Luxury. Decadence. Shitting in the sky.

Monday, September 28

Expert Advice

For Mother's Day this year my mother got me a vintage 1965 book.

Mother's Encyclopedia: Expert Advice on Child Care and Family

Illustrated and published by Parents Institute.

Yes apparently in the 60s there was a whole institute of parents, they had figured everything out regarding parenting and decided to put it all that cutting edge knowledge in a handbook. How awesome is that? I had quite a good time reading it! And the pictures were great.

My favourite part was I think the list of questions your child could ask you, and their appropriate answers. I should go find it and give you some examples here.. like answering what is the moon made out of and what happens when hover cars take over the streets. I just picture little Sally asking mom if nuclear war was going to happen and her saying "hold on, let me go get the encyclopedia".

In fact, as a mom, I'd like to go ahead and use that as my future go-to.
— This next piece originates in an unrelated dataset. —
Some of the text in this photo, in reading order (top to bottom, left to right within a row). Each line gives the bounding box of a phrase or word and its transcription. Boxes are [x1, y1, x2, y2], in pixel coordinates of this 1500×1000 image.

Except I wouldn't go get the book but just hold the newspaper up and go back to reading it. Or if a really confusing situation happened like why won't the dog wake up, I'd put the fire on, grab some hot chocolate and go to the book to see if they wanted me to answer a different question instead.

Speaking of diversion has anyone noticed that the Palm Pre commercial looks a lot like a Monistat ad... but with a way creepier girl?
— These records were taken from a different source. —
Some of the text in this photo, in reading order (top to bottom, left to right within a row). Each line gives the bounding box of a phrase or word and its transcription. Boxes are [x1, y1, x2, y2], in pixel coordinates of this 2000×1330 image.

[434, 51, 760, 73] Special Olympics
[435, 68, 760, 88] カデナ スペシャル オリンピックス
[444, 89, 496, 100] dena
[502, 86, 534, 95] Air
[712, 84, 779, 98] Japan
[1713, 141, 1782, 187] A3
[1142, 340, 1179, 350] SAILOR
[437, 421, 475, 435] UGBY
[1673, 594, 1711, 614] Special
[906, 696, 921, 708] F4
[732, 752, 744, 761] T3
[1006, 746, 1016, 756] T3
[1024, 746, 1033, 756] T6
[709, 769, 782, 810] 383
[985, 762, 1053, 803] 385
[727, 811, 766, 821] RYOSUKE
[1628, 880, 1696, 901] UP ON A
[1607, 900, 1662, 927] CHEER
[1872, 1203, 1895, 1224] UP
Uh are we selling phones here.. or..

Wednesday, September 23

Surprise! I hate Candy

Last night I was reading a funny website called No One Will Ever Believe You: Bill Murray will deny all these stories. It's totally hilarious short stories website where it's all about Bill Murray and every story ends in him telling the person no one will believe their story.  Too funny.. I love stuff like that.
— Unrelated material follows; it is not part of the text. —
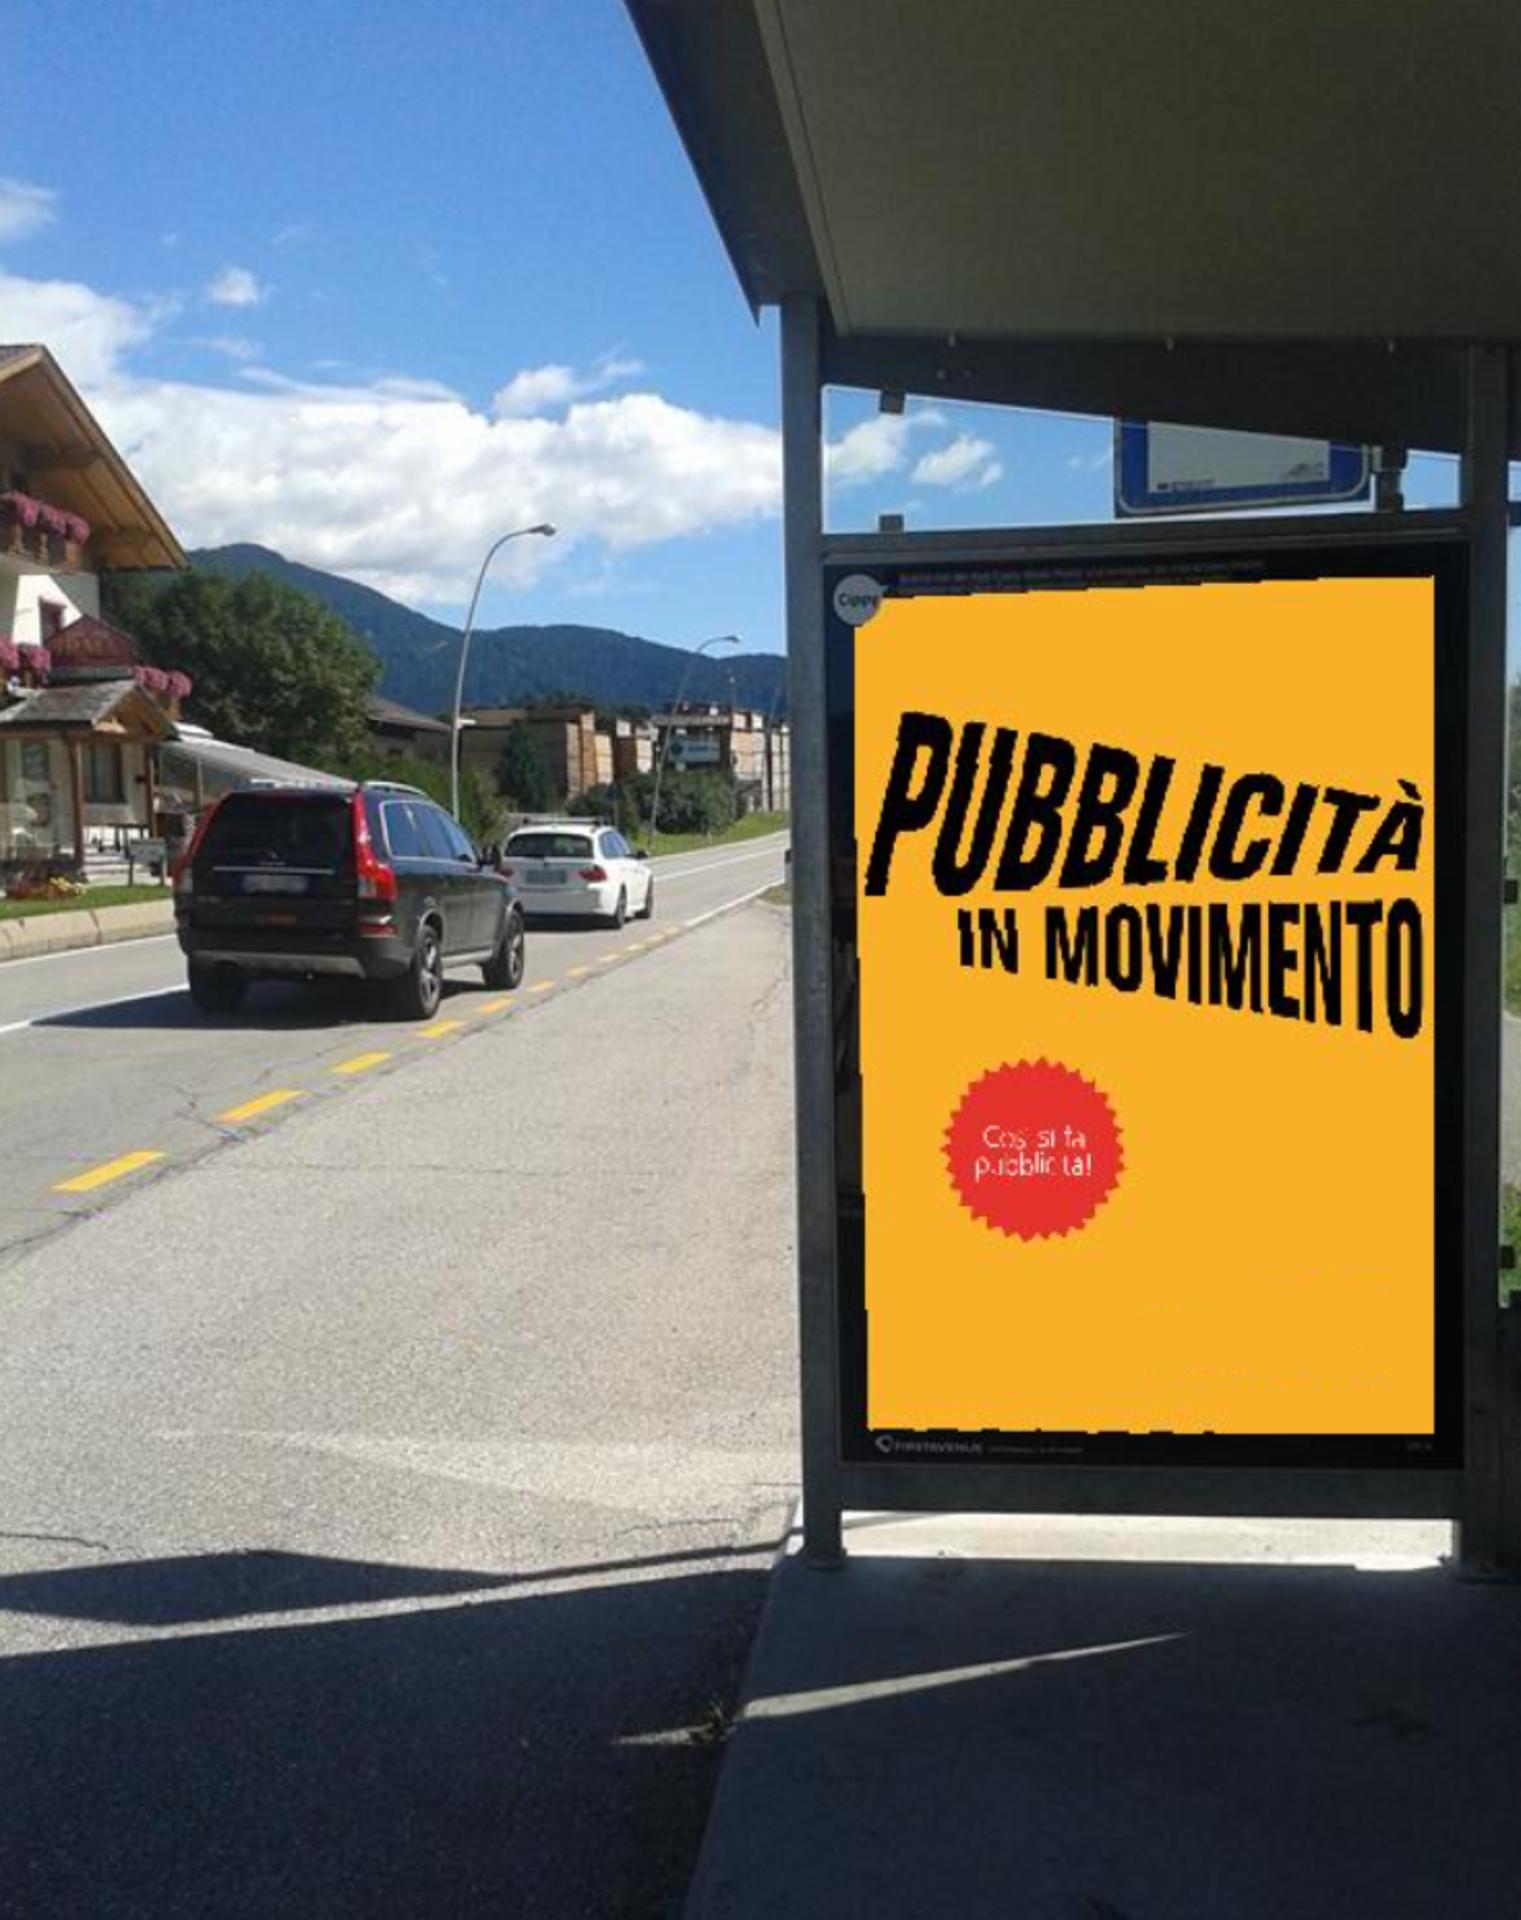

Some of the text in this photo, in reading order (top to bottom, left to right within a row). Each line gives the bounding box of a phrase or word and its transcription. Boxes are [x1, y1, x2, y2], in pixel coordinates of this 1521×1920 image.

This next paragraph is going somewhere. 

I live in a world where all you need to do to convince someone to eat something good is to call it candy, like today when I made some Strawberries with a little sugar sprinkled on them.  Boom.. Strawberry Candy!  Want to take some vitamins?  Oh I mean... special treats?  Anything candy is great.  So I was thinking back to that site when I saw a candy commercial and realized there's actually quite a lot of candy I don't like and anytime I tell someone this fact it's as if Bill Murray comes out and says "no one will ever believe you" because no one does.  Who hates candy? you must be lying or crazy.  I'm into lists so... here is a list of candy/sweets/treats that 90% of the world likes but I don't, and no one ever believes me.

  1. Maltesers 
  2. Marshmallows... cooked or raw
  3. That includes Peeps or those Chocolate covered Marshmallow Cookie things
  4. Most Fudge including Fudge filled fudgecicles
  5. Butter Tarts
  6. Chocolate covered cherries and most chocolate from a Whitmans Sampler type thing.
  7. Apple Pie
  8. Candy Rockets
  9. Good and Pleanty
  10. Wafer cookies 
I'm leaving out of course the regular candy that nobody likes, like black licorice and candy corn.  Some things I will tolerate if I have to.. candy apples and s'mores. 

Yeah life is rough.

Monday, September 21

As good as it gets 5 highlight posts

I decided since nothing is going on right now for me to blog about other than finding a pair of sunglasses I finally love in every way, at the end of the summer; I put together a top five list of highlights on this blog in honor of this being the FMB blog of the day yesterday!

Yay :)

Nobody voted on this top five, I just particularly like the posts and I think it's a good representation of the content of the site (since 2006 at least on the Blogger format) for anyone not fortunate enough to be a regular reader.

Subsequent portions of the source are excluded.